De esto habló en su podcast The Magnificent Others, cuando disparó contra el pop o, más específicamente, contra la industria de las estrellas. “En muchos casos, la representación más satánica en la música de los últimos 20 años ha sido la de las estrellas del pop”, lanzó. Lo cierto es que el pop es un género muy amplio, capaz de abarcar desde Prince hasta Selena Gómez.
El líder de The Smashing Pumpkins se refiere a la fabricación de estrellas que venden mucho más que música, sobre todo desde un aspecto estético.

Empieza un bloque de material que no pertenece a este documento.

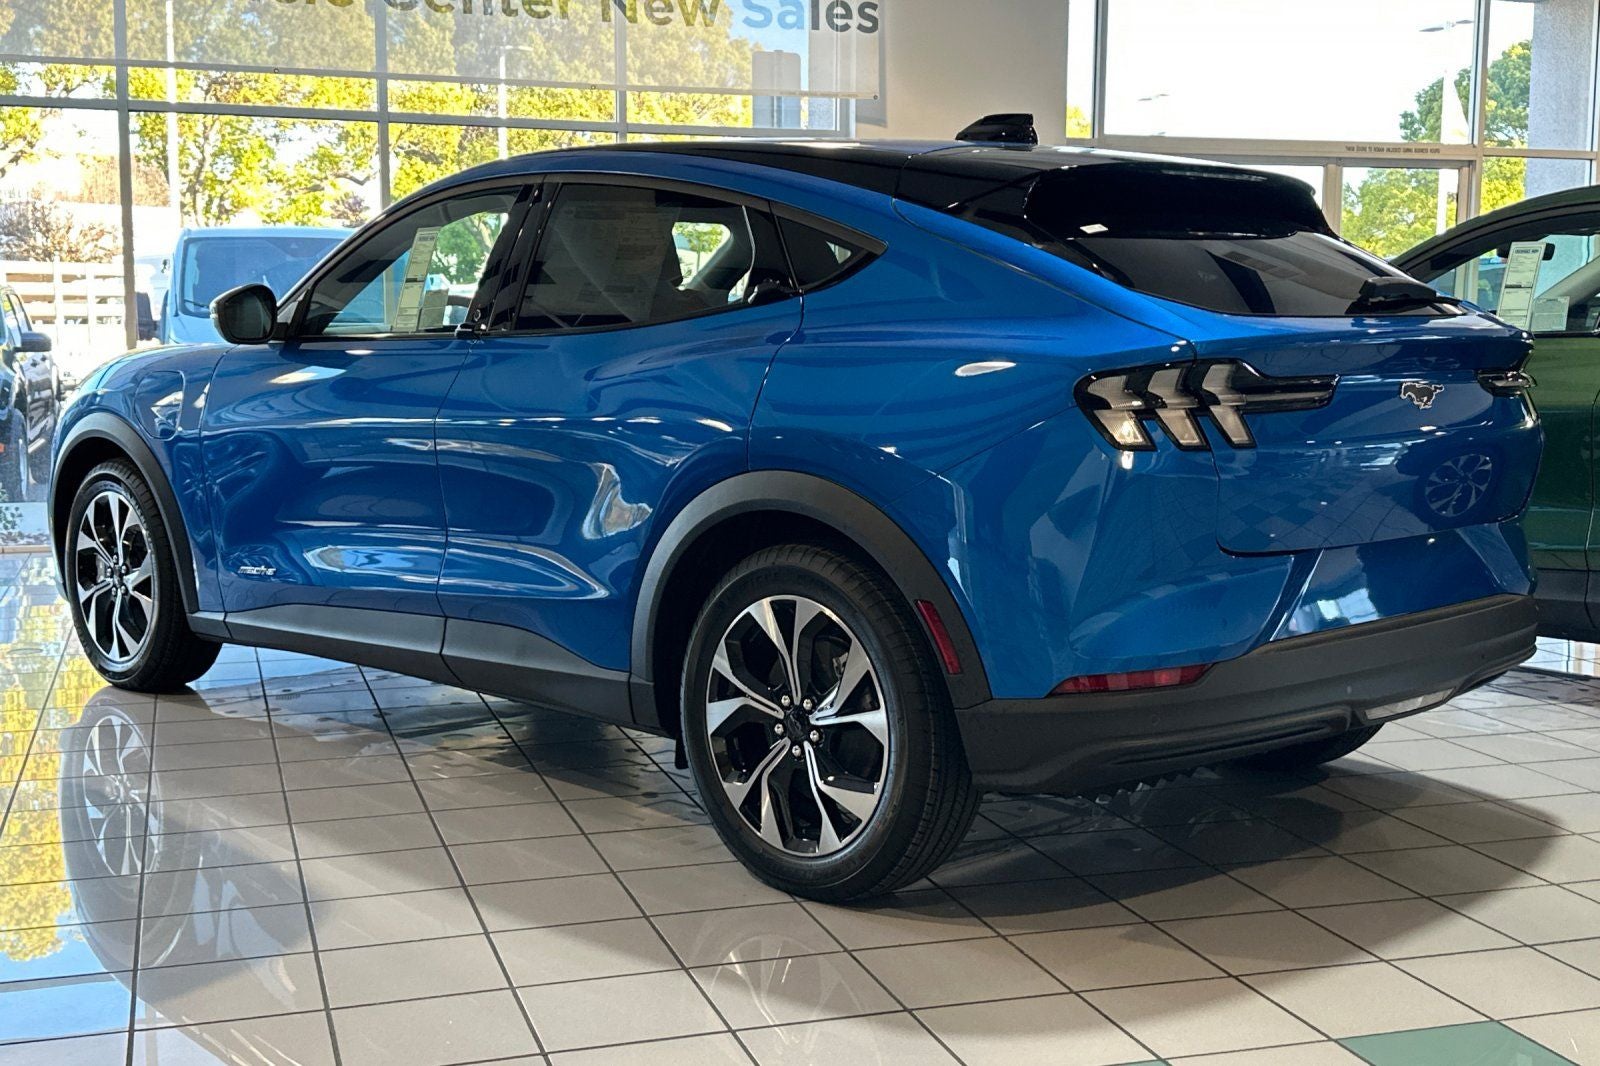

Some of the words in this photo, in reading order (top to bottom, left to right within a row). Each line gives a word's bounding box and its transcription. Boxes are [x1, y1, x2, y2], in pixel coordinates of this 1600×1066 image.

Sin dar nombres, el músico se explayó: “Porque crean una imagen falsa a sabiendas y son serviles a ella hasta el punto de manipular sus rostros y voces, y engañar a su público haciéndoles creer que son alguien que no son”.
Finalmente, el compositor compartió su análisis sobre cómo la creación de estrellas pop impacta tanto en el público como en los propios artistas: “El público llega a un punto de disonancia cognitiva en el que sabe que la persona en la que quiere creer de forma idólatra no es esa persona, y obliga a redoblar la apuesta en la idolatría, porque eso es lo único que puede hacer”.
En el mundo actual, Taylor Swift representa a la estrella pop por antonomasia —aunque se destaca por ser la compositora de sus canciones, a diferencia de figuras como Britney Spears—, pero dentro del género también conviven artistas como Charli XCX, con una propuesta más disruptiva, que abrevan de una tradición ligada al legado de Madonna.
Billy Corgan elige la banda más influyente después de The Beatles
En el plano de las bandas que Corgan considera valiosas, habló de la importancia que tuvo Joy Division para la música. “Llevo 20 años defendiendo que, probablemente, tras The Beatles, Joy Division es la banda de rock más influyente del siglo XX. Es música pop no hecha para el mercado pop, y por eso la gente sigue escuchándola. […] Creo que son una de las mejores bandas de todos los tiempos, y es tan fácil argumentarlo que no sé cómo hacerlo”.